__Your goal__:
Reproduce the listing below without any change.

Recorded information START

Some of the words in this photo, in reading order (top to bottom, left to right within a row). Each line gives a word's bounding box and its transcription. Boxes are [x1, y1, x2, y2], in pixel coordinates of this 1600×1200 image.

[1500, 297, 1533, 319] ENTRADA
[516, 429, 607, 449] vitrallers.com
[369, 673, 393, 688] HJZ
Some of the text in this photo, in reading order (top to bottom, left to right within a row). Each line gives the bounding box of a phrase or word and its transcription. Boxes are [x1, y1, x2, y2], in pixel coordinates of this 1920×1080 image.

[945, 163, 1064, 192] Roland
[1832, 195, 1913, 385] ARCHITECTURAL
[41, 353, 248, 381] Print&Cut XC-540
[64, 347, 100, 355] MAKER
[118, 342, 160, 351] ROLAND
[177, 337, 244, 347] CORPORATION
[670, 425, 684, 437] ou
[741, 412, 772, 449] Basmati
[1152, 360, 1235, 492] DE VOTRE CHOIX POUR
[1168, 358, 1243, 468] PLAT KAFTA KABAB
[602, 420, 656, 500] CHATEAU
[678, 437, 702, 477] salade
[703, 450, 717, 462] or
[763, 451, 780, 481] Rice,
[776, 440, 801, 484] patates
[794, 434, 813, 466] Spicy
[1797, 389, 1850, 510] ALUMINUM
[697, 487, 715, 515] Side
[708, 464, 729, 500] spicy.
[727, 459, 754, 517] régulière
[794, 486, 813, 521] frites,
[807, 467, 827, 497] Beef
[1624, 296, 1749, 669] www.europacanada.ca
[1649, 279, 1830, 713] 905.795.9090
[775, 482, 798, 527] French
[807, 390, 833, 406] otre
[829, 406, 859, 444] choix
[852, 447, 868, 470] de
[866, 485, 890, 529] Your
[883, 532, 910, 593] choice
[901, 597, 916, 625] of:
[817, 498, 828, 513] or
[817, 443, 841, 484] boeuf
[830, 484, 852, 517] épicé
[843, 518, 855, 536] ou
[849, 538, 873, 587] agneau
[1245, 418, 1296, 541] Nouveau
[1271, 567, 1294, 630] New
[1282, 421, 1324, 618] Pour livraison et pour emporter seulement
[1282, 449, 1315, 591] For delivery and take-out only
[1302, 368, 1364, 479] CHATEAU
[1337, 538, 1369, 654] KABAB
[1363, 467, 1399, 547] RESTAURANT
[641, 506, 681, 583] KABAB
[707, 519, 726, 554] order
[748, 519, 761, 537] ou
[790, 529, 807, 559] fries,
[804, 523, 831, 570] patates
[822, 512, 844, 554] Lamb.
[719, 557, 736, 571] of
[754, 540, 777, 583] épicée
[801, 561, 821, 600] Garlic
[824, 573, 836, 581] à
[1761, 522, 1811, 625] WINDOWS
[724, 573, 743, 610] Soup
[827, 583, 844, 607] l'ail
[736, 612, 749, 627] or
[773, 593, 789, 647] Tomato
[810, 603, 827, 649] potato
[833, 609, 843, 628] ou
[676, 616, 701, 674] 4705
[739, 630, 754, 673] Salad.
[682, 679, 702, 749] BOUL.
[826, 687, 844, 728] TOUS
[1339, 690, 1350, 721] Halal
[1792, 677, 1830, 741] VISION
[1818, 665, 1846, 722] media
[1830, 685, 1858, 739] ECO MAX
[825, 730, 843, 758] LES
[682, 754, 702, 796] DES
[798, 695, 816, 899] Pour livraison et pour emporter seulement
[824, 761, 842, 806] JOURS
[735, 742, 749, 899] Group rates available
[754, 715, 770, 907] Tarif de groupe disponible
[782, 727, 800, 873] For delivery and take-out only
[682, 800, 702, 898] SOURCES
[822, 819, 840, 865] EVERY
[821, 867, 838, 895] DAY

Recorded information END

__Your response__:
Some of the words in this photo, in reading order (top to bottom, left to right within a row). Each line gives a word's bounding box and its transcription. Boxes are [x1, y1, x2, y2], in pixel coordinates of this 1600×1200 image.

[1500, 297, 1533, 319] ENTRADA
[516, 429, 607, 449] vitrallers.com
[369, 673, 393, 688] HJZ
Some of the text in this photo, in reading order (top to bottom, left to right within a row). Each line gives the bounding box of a phrase or word and its transcription. Boxes are [x1, y1, x2, y2], in pixel coordinates of this 1920×1080 image.

[945, 163, 1064, 192] Roland
[1832, 195, 1913, 385] ARCHITECTURAL
[41, 353, 248, 381] Print&Cut XC-540
[64, 347, 100, 355] MAKER
[118, 342, 160, 351] ROLAND
[177, 337, 244, 347] CORPORATION
[670, 425, 684, 437] ou
[741, 412, 772, 449] Basmati
[1152, 360, 1235, 492] DE VOTRE CHOIX POUR
[1168, 358, 1243, 468] PLAT KAFTA KABAB
[602, 420, 656, 500] CHATEAU
[678, 437, 702, 477] salade
[703, 450, 717, 462] or
[763, 451, 780, 481] Rice,
[776, 440, 801, 484] patates
[794, 434, 813, 466] Spicy
[1797, 389, 1850, 510] ALUMINUM
[697, 487, 715, 515] Side
[708, 464, 729, 500] spicy.
[727, 459, 754, 517] régulière
[794, 486, 813, 521] frites,
[807, 467, 827, 497] Beef
[1624, 296, 1749, 669] www.europacanada.ca
[1649, 279, 1830, 713] 905.795.9090
[775, 482, 798, 527] French
[807, 390, 833, 406] otre
[829, 406, 859, 444] choix
[852, 447, 868, 470] de
[866, 485, 890, 529] Your
[883, 532, 910, 593] choice
[901, 597, 916, 625] of:
[817, 498, 828, 513] or
[817, 443, 841, 484] boeuf
[830, 484, 852, 517] épicé
[843, 518, 855, 536] ou
[849, 538, 873, 587] agneau
[1245, 418, 1296, 541] Nouveau
[1271, 567, 1294, 630] New
[1282, 421, 1324, 618] Pour livraison et pour emporter seulement
[1282, 449, 1315, 591] For delivery and take-out only
[1302, 368, 1364, 479] CHATEAU
[1337, 538, 1369, 654] KABAB
[1363, 467, 1399, 547] RESTAURANT
[641, 506, 681, 583] KABAB
[707, 519, 726, 554] order
[748, 519, 761, 537] ou
[790, 529, 807, 559] fries,
[804, 523, 831, 570] patates
[822, 512, 844, 554] Lamb.
[719, 557, 736, 571] of
[754, 540, 777, 583] épicée
[801, 561, 821, 600] Garlic
[824, 573, 836, 581] à
[1761, 522, 1811, 625] WINDOWS
[724, 573, 743, 610] Soup
[827, 583, 844, 607] l'ail
[736, 612, 749, 627] or
[773, 593, 789, 647] Tomato
[810, 603, 827, 649] potato
[833, 609, 843, 628] ou
[676, 616, 701, 674] 4705
[739, 630, 754, 673] Salad.
[682, 679, 702, 749] BOUL.
[826, 687, 844, 728] TOUS
[1339, 690, 1350, 721] Halal
[1792, 677, 1830, 741] VISION
[1818, 665, 1846, 722] media
[1830, 685, 1858, 739] ECO MAX
[825, 730, 843, 758] LES
[682, 754, 702, 796] DES
[798, 695, 816, 899] Pour livraison et pour emporter seulement
[824, 761, 842, 806] JOURS
[735, 742, 749, 899] Group rates available
[754, 715, 770, 907] Tarif de groupe disponible
[782, 727, 800, 873] For delivery and take-out only
[682, 800, 702, 898] SOURCES
[822, 819, 840, 865] EVERY
[821, 867, 838, 895] DAY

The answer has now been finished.